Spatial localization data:

__________

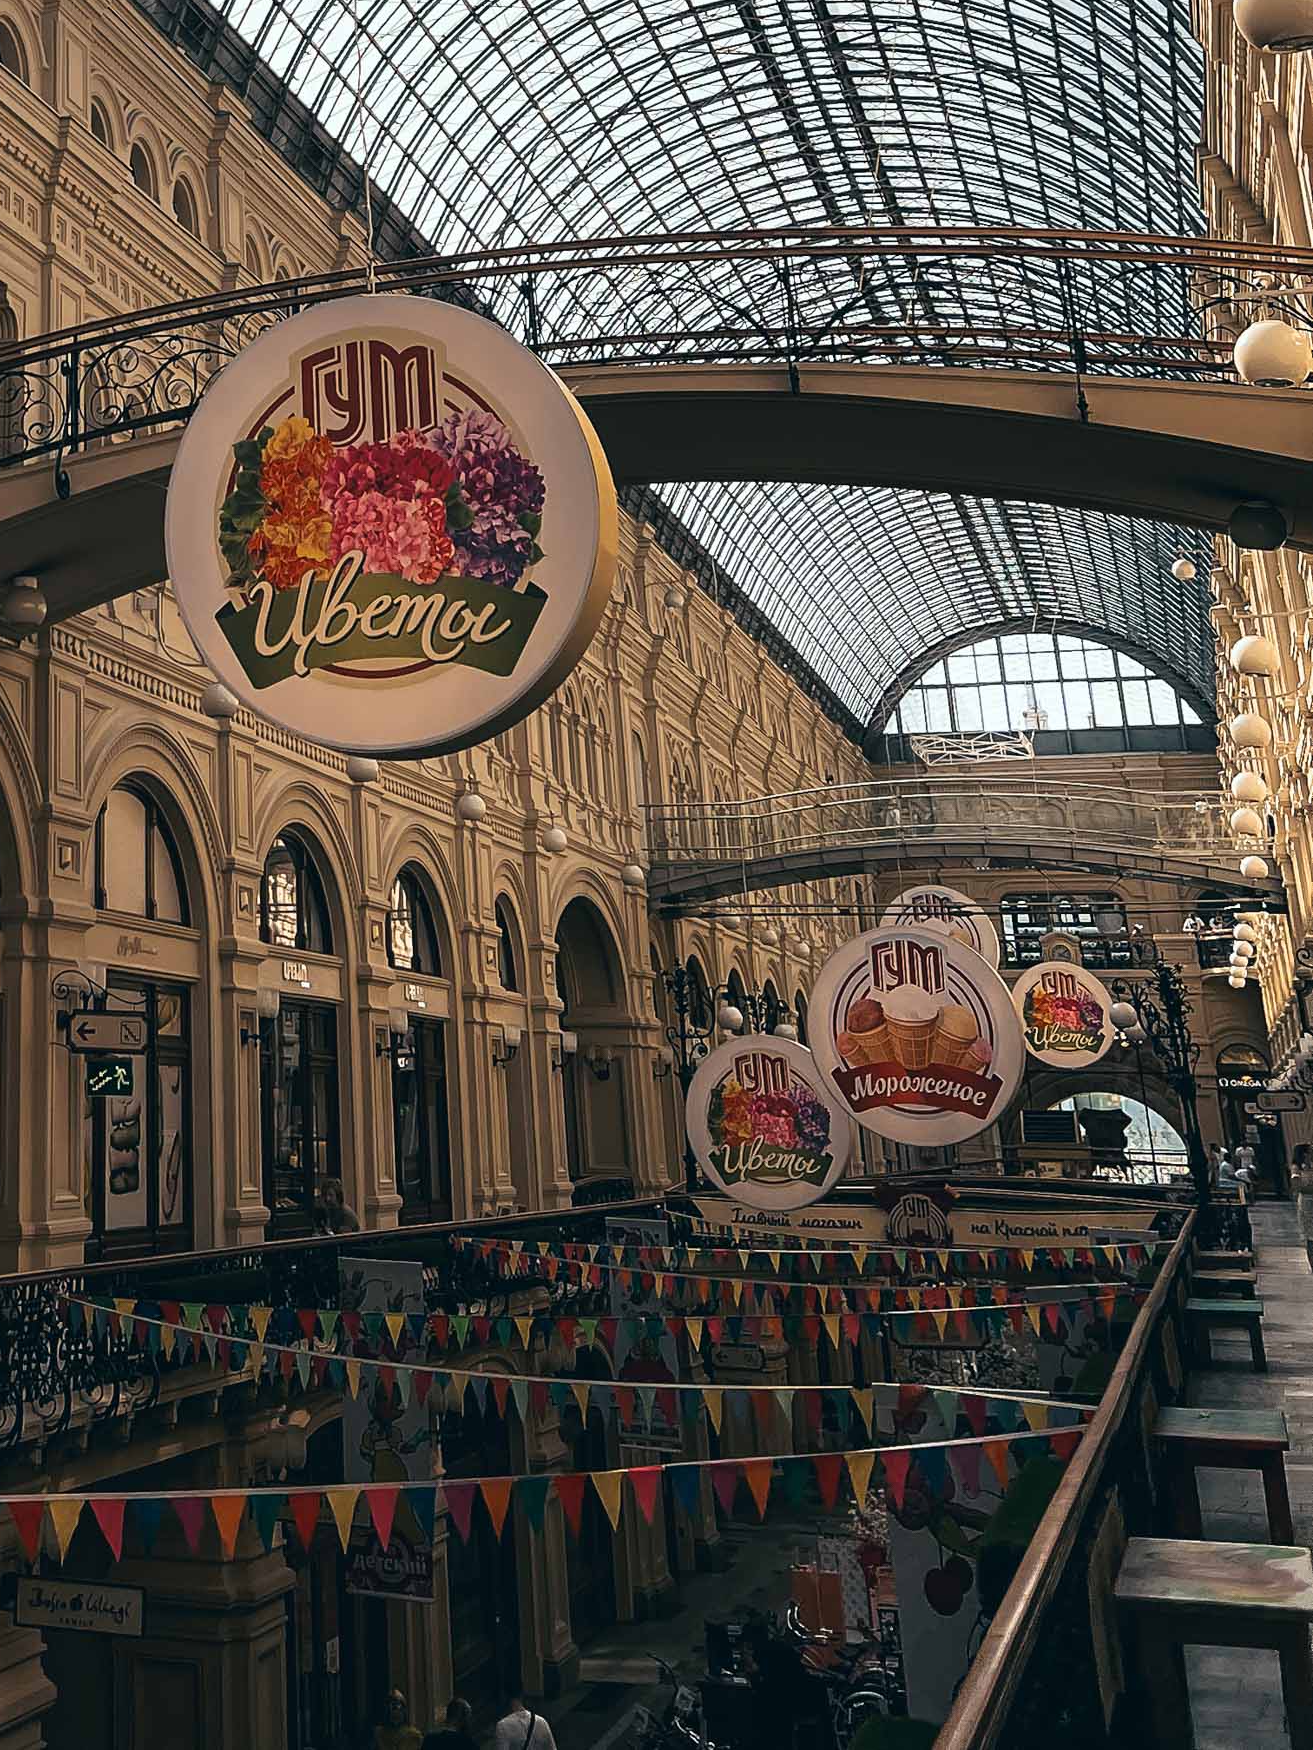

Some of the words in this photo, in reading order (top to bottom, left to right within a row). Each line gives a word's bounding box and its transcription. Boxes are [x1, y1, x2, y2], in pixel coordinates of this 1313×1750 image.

[300, 339, 439, 447] ГУМ
[249, 549, 512, 677] Цветы
[871, 939, 946, 995] ГУМ
[1041, 970, 1077, 999] ГУМ
[1029, 1021, 1098, 1050] Цветы
[734, 1052, 790, 1096] ГУМ
[850, 1073, 988, 1106] Мороженое
[719, 1134, 822, 1182] Цветы
[994, 1219, 1059, 1240] Красной
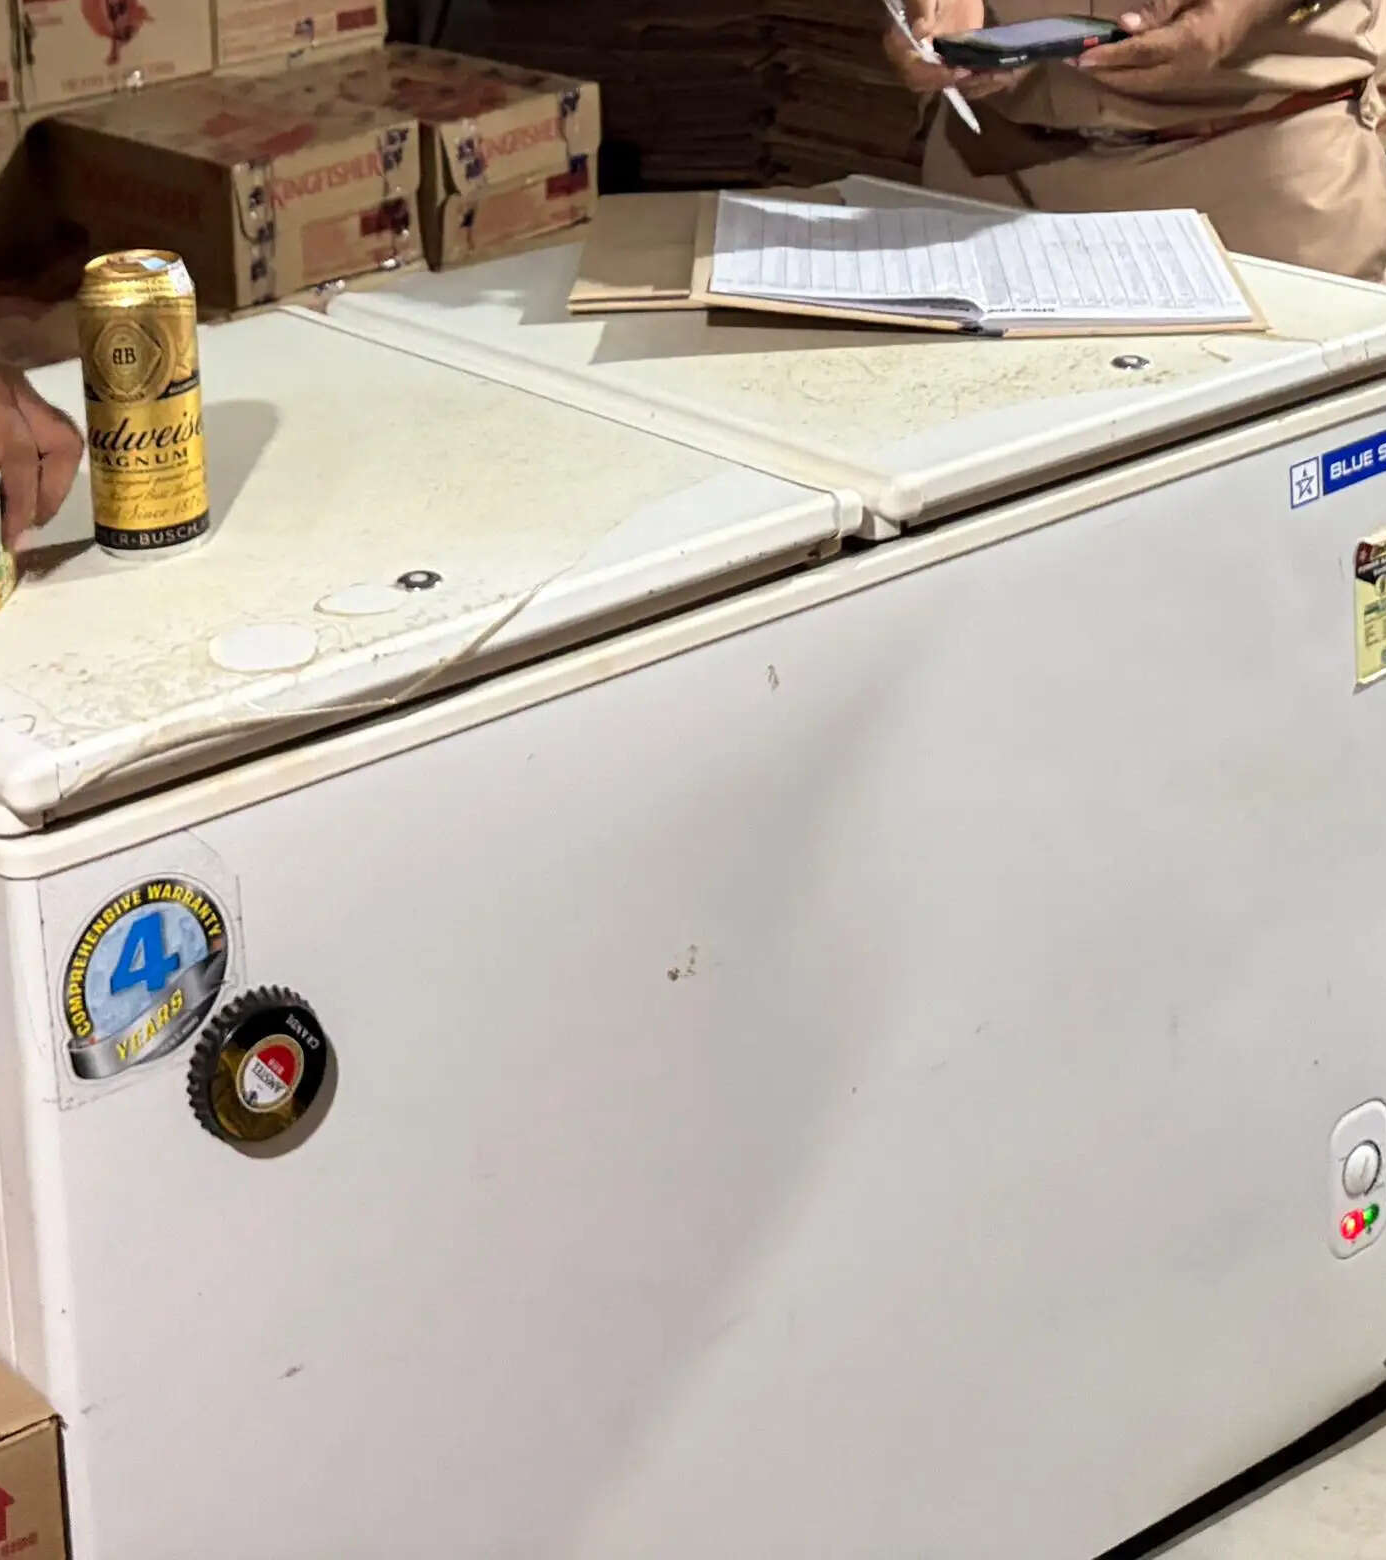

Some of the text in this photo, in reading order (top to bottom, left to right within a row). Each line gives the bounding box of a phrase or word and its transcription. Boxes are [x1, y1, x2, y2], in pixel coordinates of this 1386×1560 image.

__________

- _TASK OBJECTIVE_
Word for word, return all the entries and skip their pictures.

- _EXERCISE RESPONSE_
Some of the words in this photo, in reading order (top to bottom, left to right within a row). Each line gives a word's bounding box and its transcription. Boxes are [x1, y1, x2, y2], in pixel coordinates of this 1313×1750 image.

[300, 339, 439, 447] ГУМ
[249, 549, 512, 677] Цветы
[871, 939, 946, 995] ГУМ
[1041, 970, 1077, 999] ГУМ
[1029, 1021, 1098, 1050] Цветы
[734, 1052, 790, 1096] ГУМ
[850, 1073, 988, 1106] Мороженое
[719, 1134, 822, 1182] Цветы
[994, 1219, 1059, 1240] Красной

Some of the text in this photo, in reading order (top to bottom, left to right within a row). Each line gives the bounding box of a phrase or word and its transcription. Boxes are [x1, y1, x2, y2], in pixel coordinates of this 1386×1560 image.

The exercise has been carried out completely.